All of the records below must be reproduced exactly, minus any pictures.
====== Recorded data
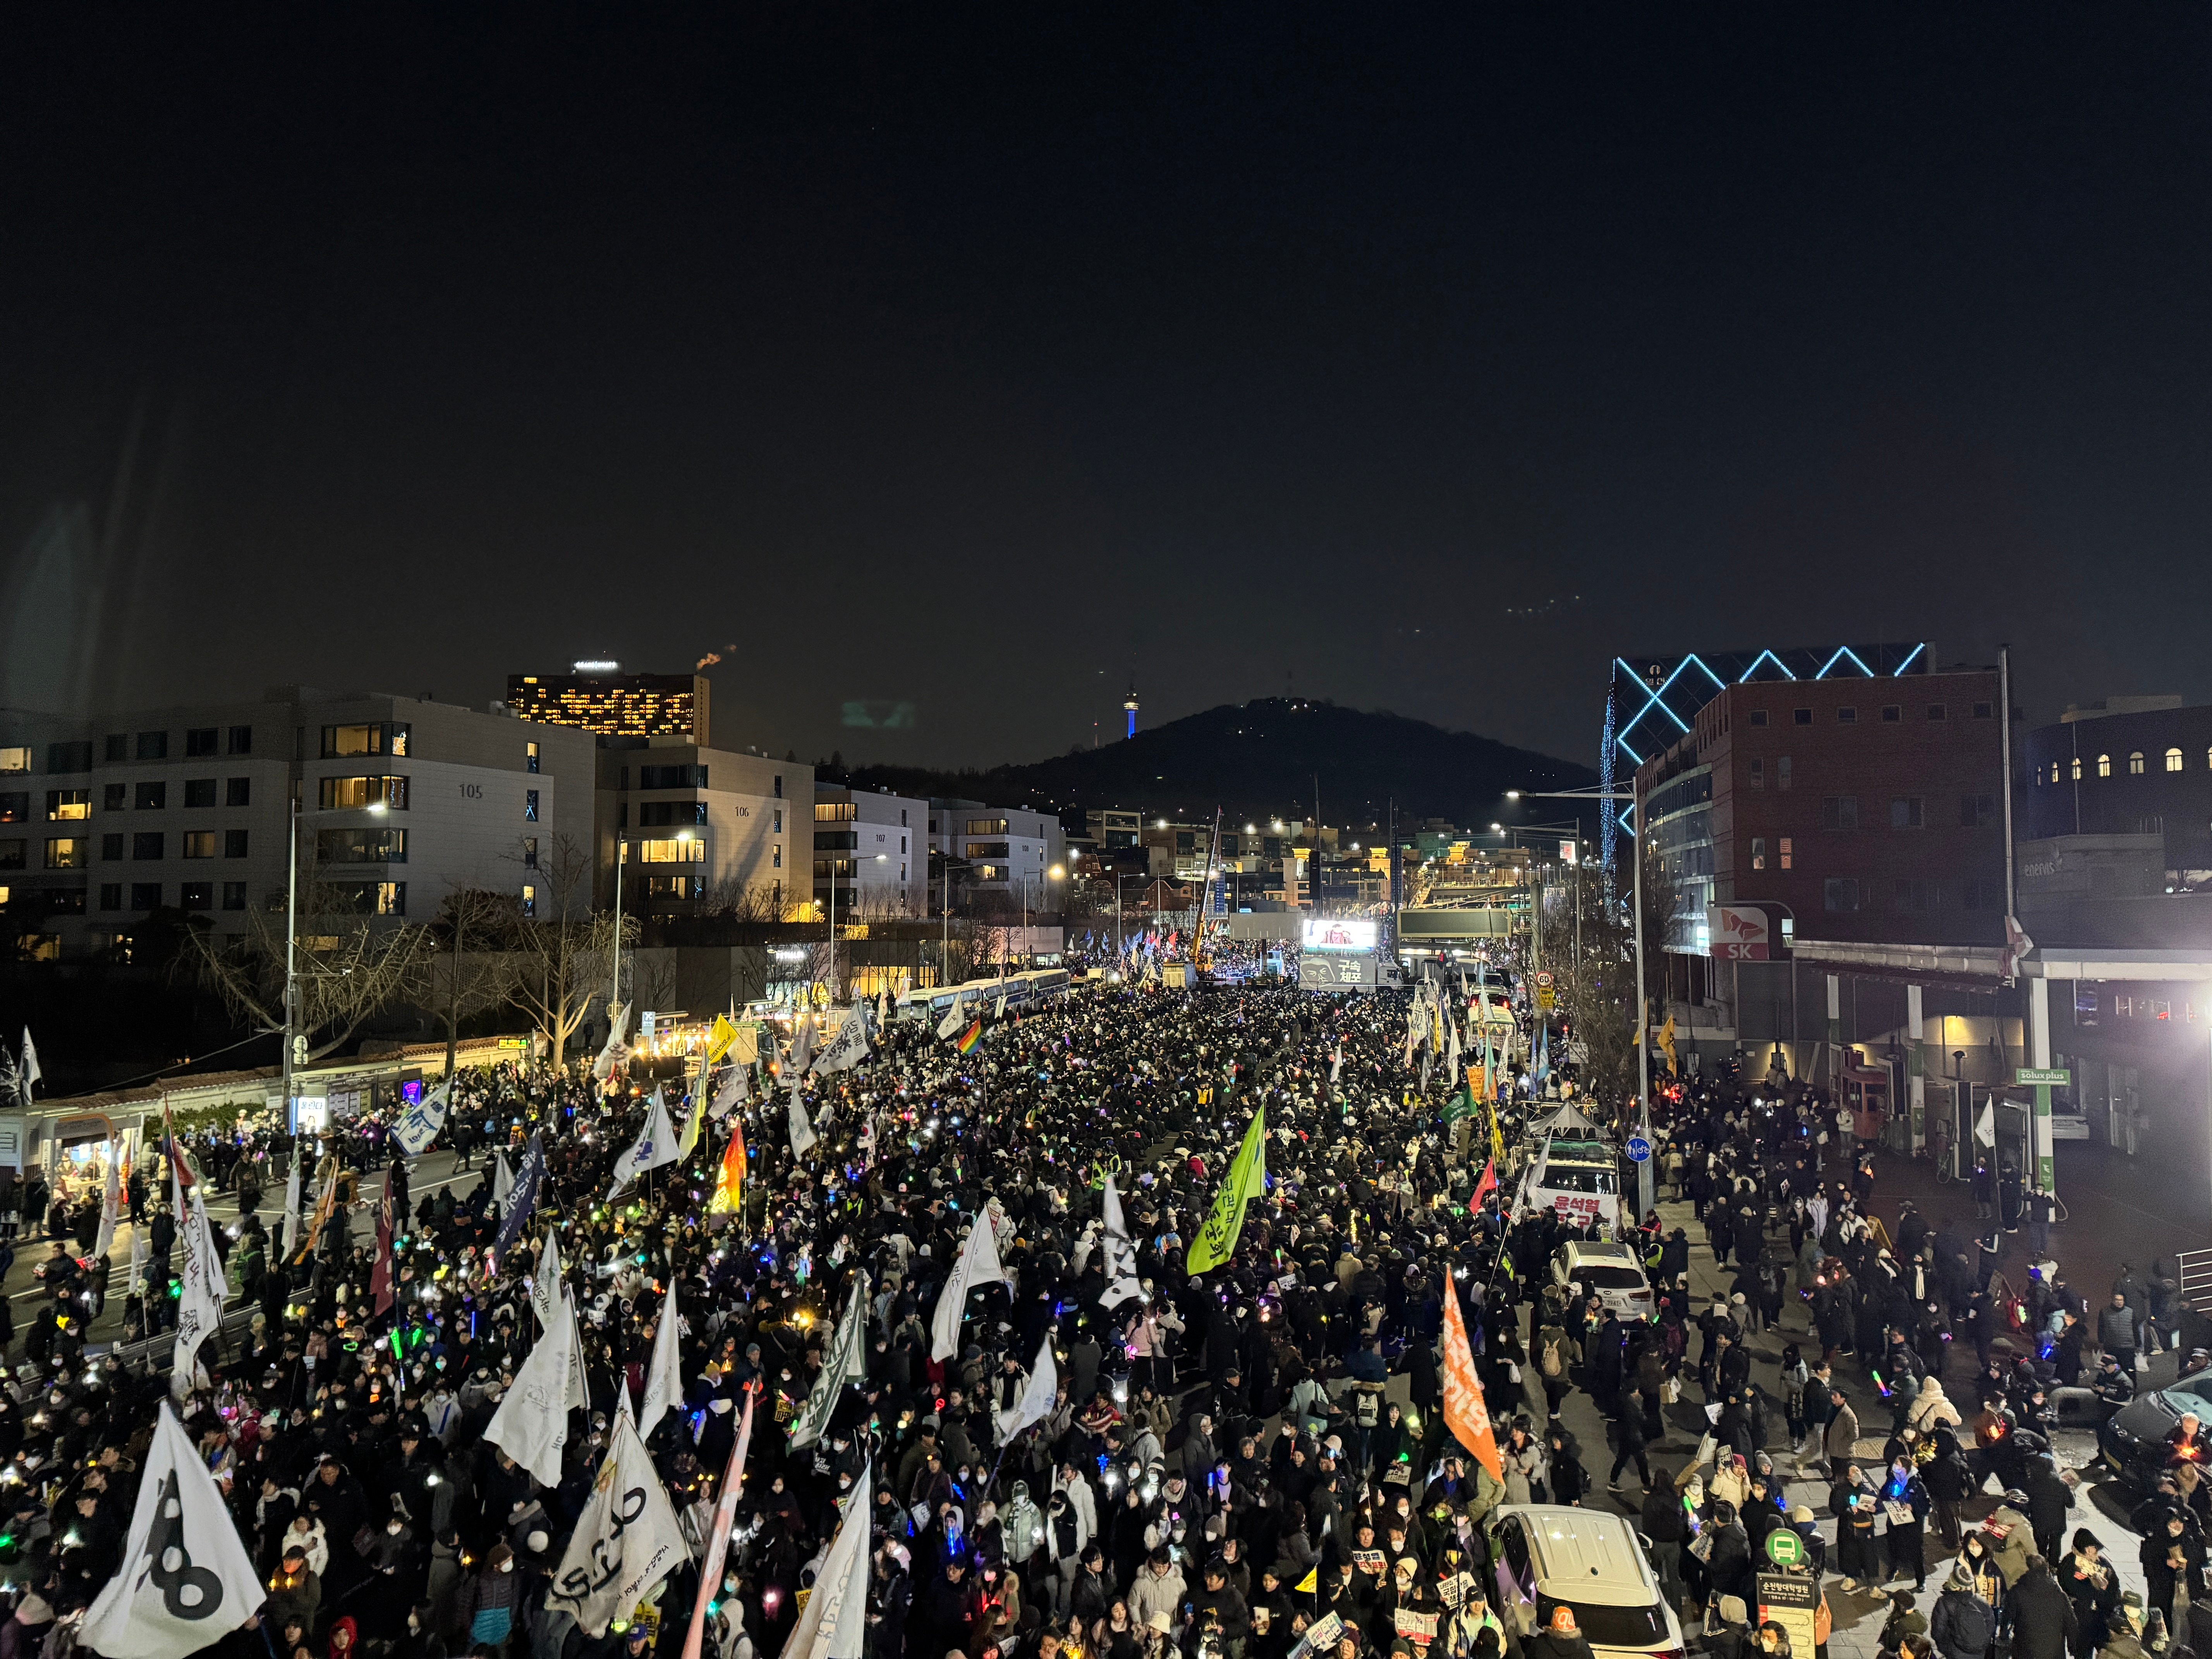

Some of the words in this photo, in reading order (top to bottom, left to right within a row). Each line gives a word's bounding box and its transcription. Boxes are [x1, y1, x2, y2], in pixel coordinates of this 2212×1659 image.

[460, 784, 483, 799] 105
[735, 807, 749, 817] 106
[876, 834, 885, 843] 107
[1728, 944, 1752, 959] SK
[1338, 959, 1361, 972] 구속
[1340, 972, 1362, 983] 체포
[2046, 1072, 2064, 1080] plus
[1554, 1195, 1601, 1213] 윤석열
[1763, 1582, 1808, 1594] 순천향대학병원
============
## Worked solution
Some of the words in this photo, in reading order (top to bottom, left to right within a row). Each line gives a word's bounding box and its transcription. Boxes are [x1, y1, x2, y2], in pixel coordinates of this 2212×1659 image.

[460, 784, 483, 799] 105
[735, 807, 749, 817] 106
[876, 834, 885, 843] 107
[1728, 944, 1752, 959] SK
[1338, 959, 1361, 972] 구속
[1340, 972, 1362, 983] 체포
[2046, 1072, 2064, 1080] plus
[1554, 1195, 1601, 1213] 윤석열
[1763, 1582, 1808, 1594] 순천향대학병원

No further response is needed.